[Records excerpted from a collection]
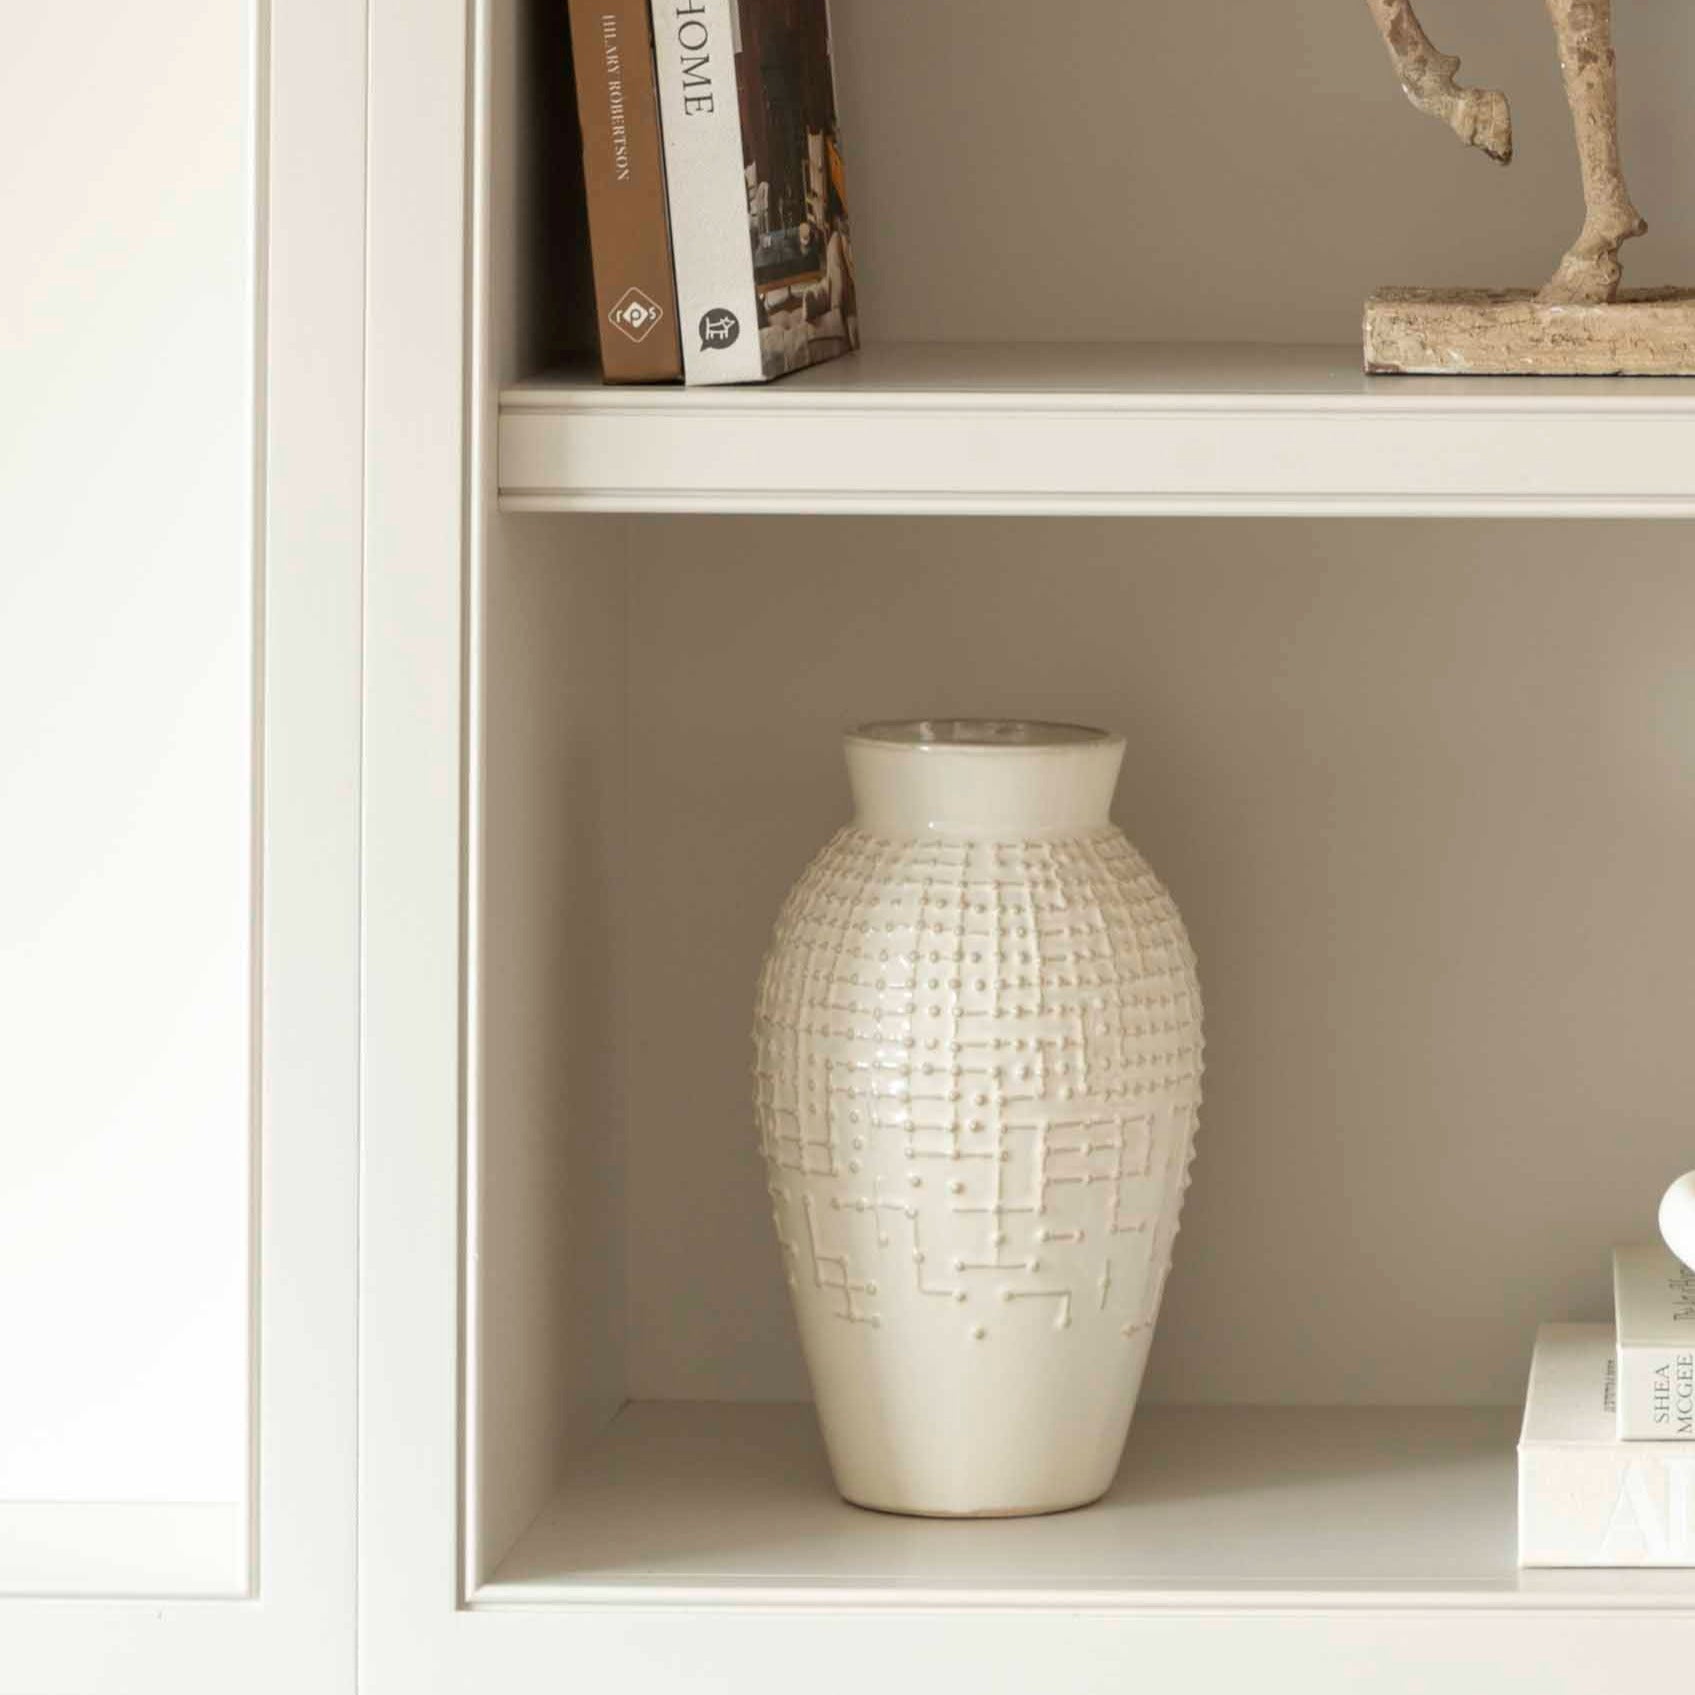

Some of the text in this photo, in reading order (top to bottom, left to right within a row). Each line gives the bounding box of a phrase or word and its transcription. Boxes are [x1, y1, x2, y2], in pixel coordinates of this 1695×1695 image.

[601, 14, 631, 181] HILARY ROBERTSON
[1655, 1364, 1671, 1424] SHEA
[1676, 1353, 1694, 1435] MCGEE
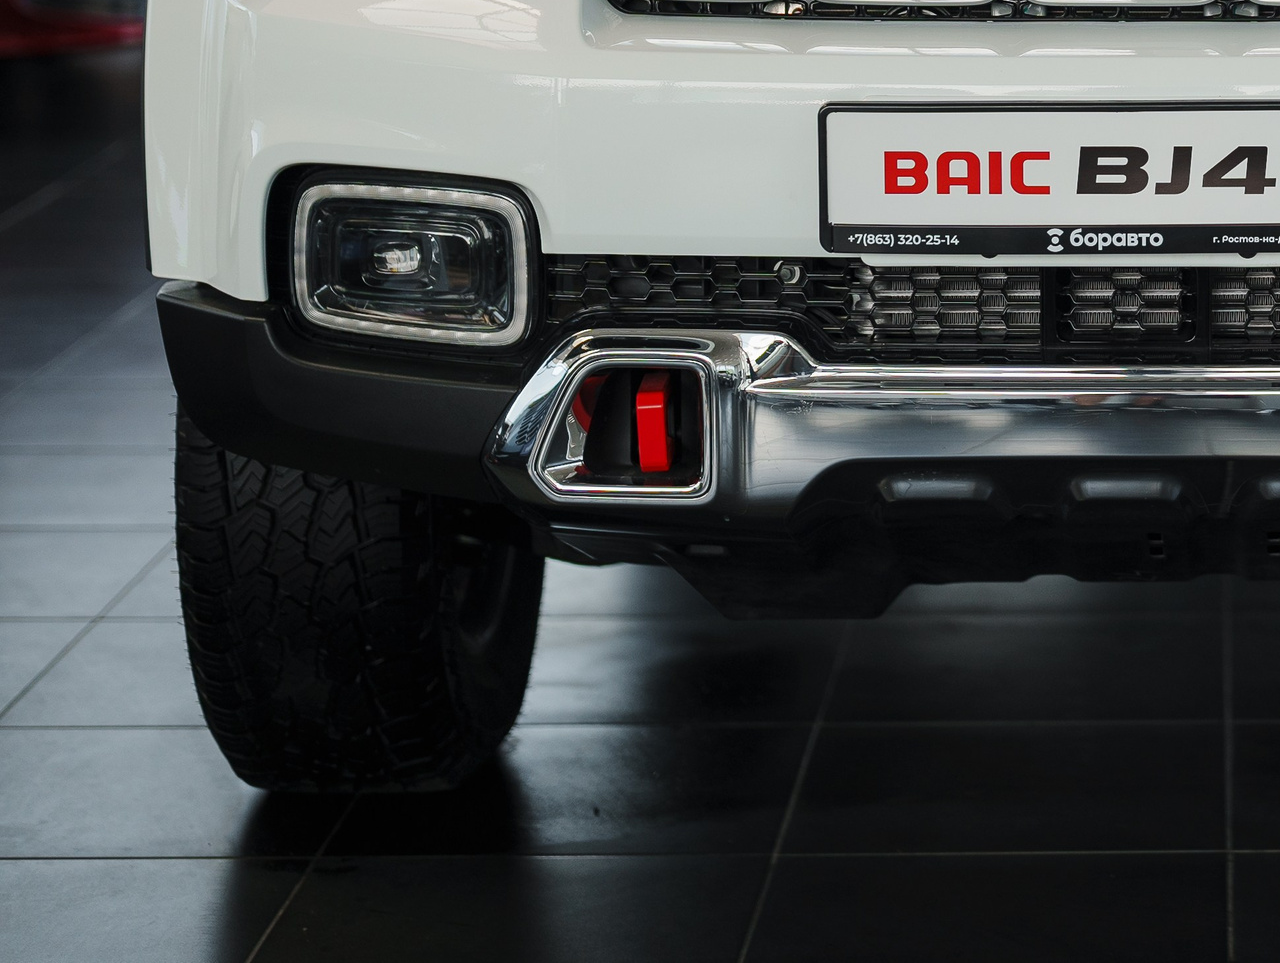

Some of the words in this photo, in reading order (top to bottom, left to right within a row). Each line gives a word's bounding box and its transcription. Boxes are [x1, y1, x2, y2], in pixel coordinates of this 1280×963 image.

- [The problem]:
With the pictures omitted, the entries are to be transcribed in full, exactly as they appear.

- [Result below]:
Some of the text in this photo, in reading order (top to bottom, left to right within a row). Each line gives the bounding box of a phrase or word and its transcription. Boxes are [x1, y1, x2, y2], in pixel coordinates of this 1695×1695 image.

[601, 14, 631, 181] HILARY ROBERTSON
[1655, 1364, 1671, 1424] SHEA
[1676, 1353, 1694, 1435] MCGEE

Some of the words in this photo, in reading order (top to bottom, left to right within a row). Each line gives a word's bounding box and its transcription. Boxes are [x1, y1, x2, y2], in pixel coordinates of this 1280×963 image.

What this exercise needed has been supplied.